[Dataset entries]
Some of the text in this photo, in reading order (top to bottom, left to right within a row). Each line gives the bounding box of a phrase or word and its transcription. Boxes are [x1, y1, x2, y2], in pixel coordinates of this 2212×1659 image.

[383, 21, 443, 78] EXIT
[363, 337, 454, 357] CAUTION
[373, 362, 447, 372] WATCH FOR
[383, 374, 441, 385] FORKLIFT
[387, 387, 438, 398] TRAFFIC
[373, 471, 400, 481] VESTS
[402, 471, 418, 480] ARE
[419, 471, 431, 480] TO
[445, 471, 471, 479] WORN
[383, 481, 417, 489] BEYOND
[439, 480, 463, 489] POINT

Aim of the task
Every one of the records is to be copied word for word.

Written response
Some of the text in this photo, in reading order (top to bottom, left to right within a row). Each line gives the bounding box of a phrase or word and its transcription. Boxes are [x1, y1, x2, y2], in pixel coordinates of this 2212×1659 image.

[383, 21, 443, 78] EXIT
[363, 337, 454, 357] CAUTION
[373, 362, 447, 372] WATCH FOR
[383, 374, 441, 385] FORKLIFT
[387, 387, 438, 398] TRAFFIC
[373, 471, 400, 481] VESTS
[402, 471, 418, 480] ARE
[419, 471, 431, 480] TO
[445, 471, 471, 479] WORN
[383, 481, 417, 489] BEYOND
[439, 480, 463, 489] POINT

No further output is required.